# WebAgentur: Root-Server oder nur Hostingpakete?



## ArturDent (24. Dezember 2003)

Tach und schöne Weihnachten erstmal.

Ich bin recht neu hier und möchte mich eben kurz bei dieser Gelegenheit vorstellen: ArturDent, männlich, schon über 20, Student der Wirtschaftswissenschaften und Mitarbeiter bei einer DesignAgentur aus Bremen, die auch z.B. den Webauftritt von stylesucks.com  zu verantworten hat.

Meine Frage: Für ein ausgegliedertes Projekt, in dem für einige Kunden Websites gehostet werden, die allesamt Bedarf an FTP, Mail, eigenen Domains, VirtualHosts, MYSQL, PHP und teilweise auch Java-Webapplikationen (also in meinem Fall TOMCAT) haben, brauch ich persönlich einen neuen Webserver.
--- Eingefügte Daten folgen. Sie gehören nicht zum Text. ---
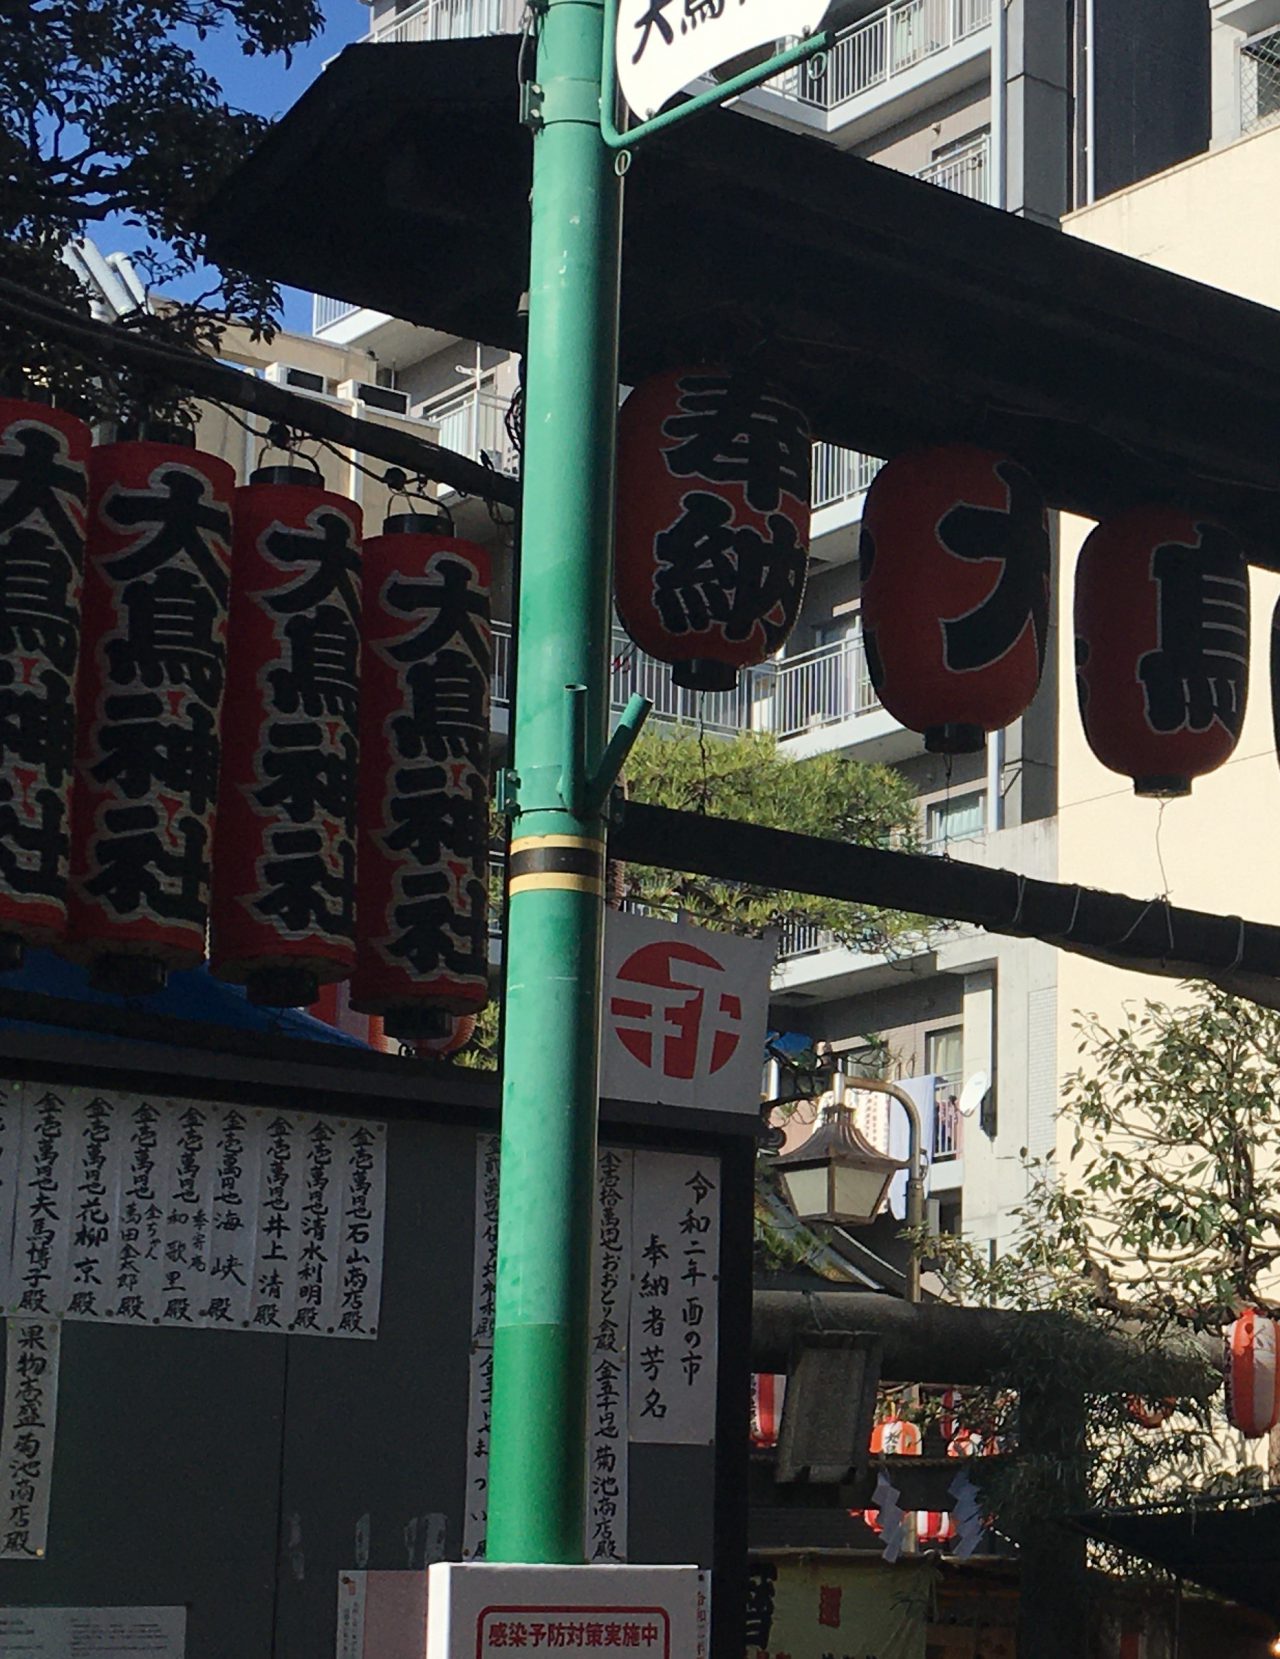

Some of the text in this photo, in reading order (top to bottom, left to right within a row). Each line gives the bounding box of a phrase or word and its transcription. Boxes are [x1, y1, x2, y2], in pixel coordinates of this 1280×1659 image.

Ich suche also nach einem gurten Angebot für RootServer, wo vielleicht jemand von Euch über Service und Zuverlässigkeit berichten kann, oder Anregungen, welche Hostingpakete für so etwas ausreichend wären.

Any suggestions?

Frohes Fest allezusammen!

Gruß, ArturDent.


----------



## Neurodeamon (26. Dezember 2003)

Für Firmen eignet sich sehr gut ein betreuter (managed) Root-Server von 1&1.
D.H. ein Mitarbeiter kümmert sich um Aktualisierungen und Sicherheit. Das ist zwar teurer als selbst einen Rootserver zu managen, aber wenigstens (sollte) jemand der Ahnung hat sich darum kümmern.
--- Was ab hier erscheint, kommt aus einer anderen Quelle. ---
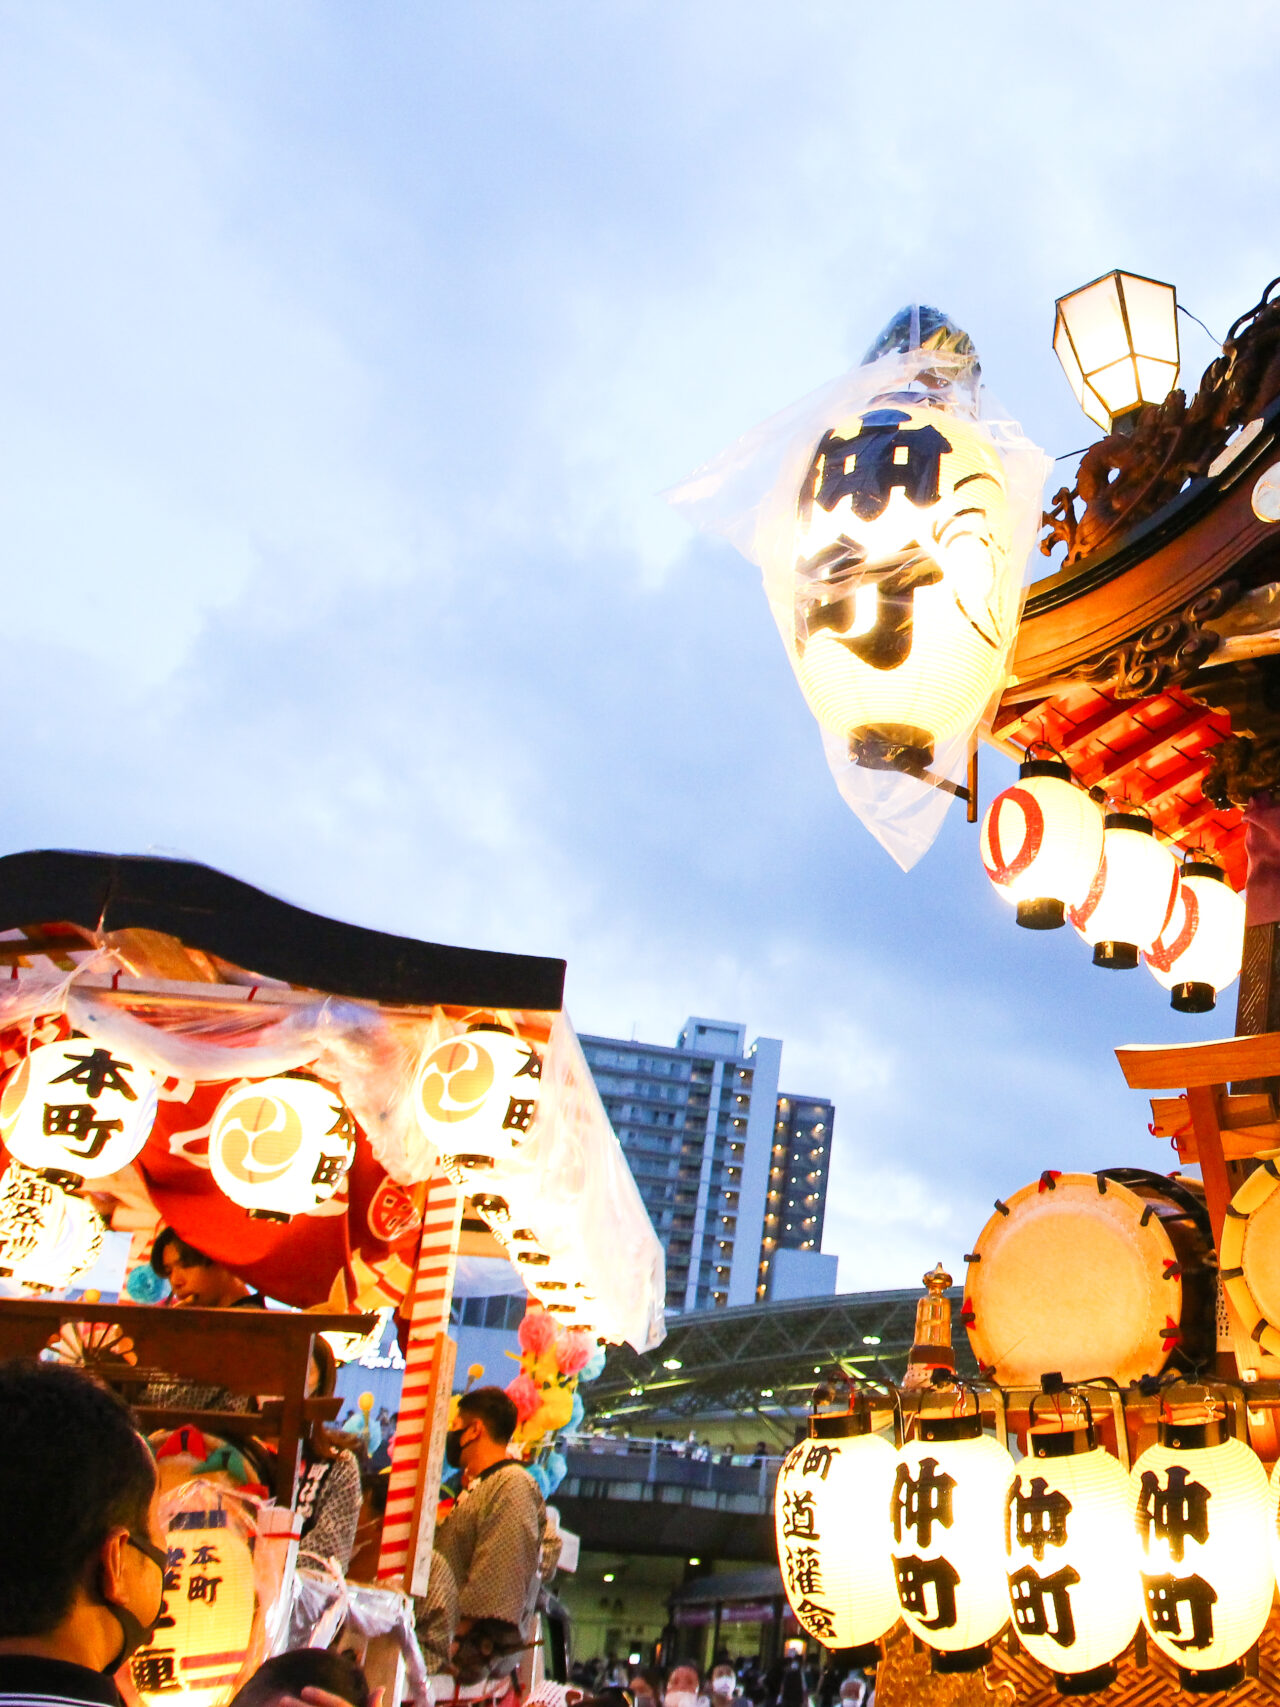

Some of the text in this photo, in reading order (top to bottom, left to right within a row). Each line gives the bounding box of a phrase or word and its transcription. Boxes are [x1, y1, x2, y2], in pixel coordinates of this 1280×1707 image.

[797, 409, 943, 671] 仲町
[42, 1049, 138, 1159] 本町
[188, 1546, 223, 1607] 本町
[890, 1458, 960, 1630] 仲町
[1006, 1477, 1080, 1648] 仲町
[1135, 1466, 1218, 1651] 仲町
Ein guter Anbieter soll auch der Tutorials-Hoster sein, aber ähm... da muss mir mal jemand mit dem Namen aushelfen  

Das wichtigste wäre bei einem Root-Server (meiner Meinug nach):
Betriebssystem -> Debian
Normalerweise klatschen die Hoster da Suse oder Redhat drauf, aber den Dingern trau ich nicht über den Weg


----------



## ArturDent (26. Dezember 2003)

Hi.

Danke erstmal für Deine Antwort.

Wir haben gerade einen 1& 1 Root Server, der von 2 Infostudenten höherer Fachsemesters gemanaged wird. Läuft auch alles gut.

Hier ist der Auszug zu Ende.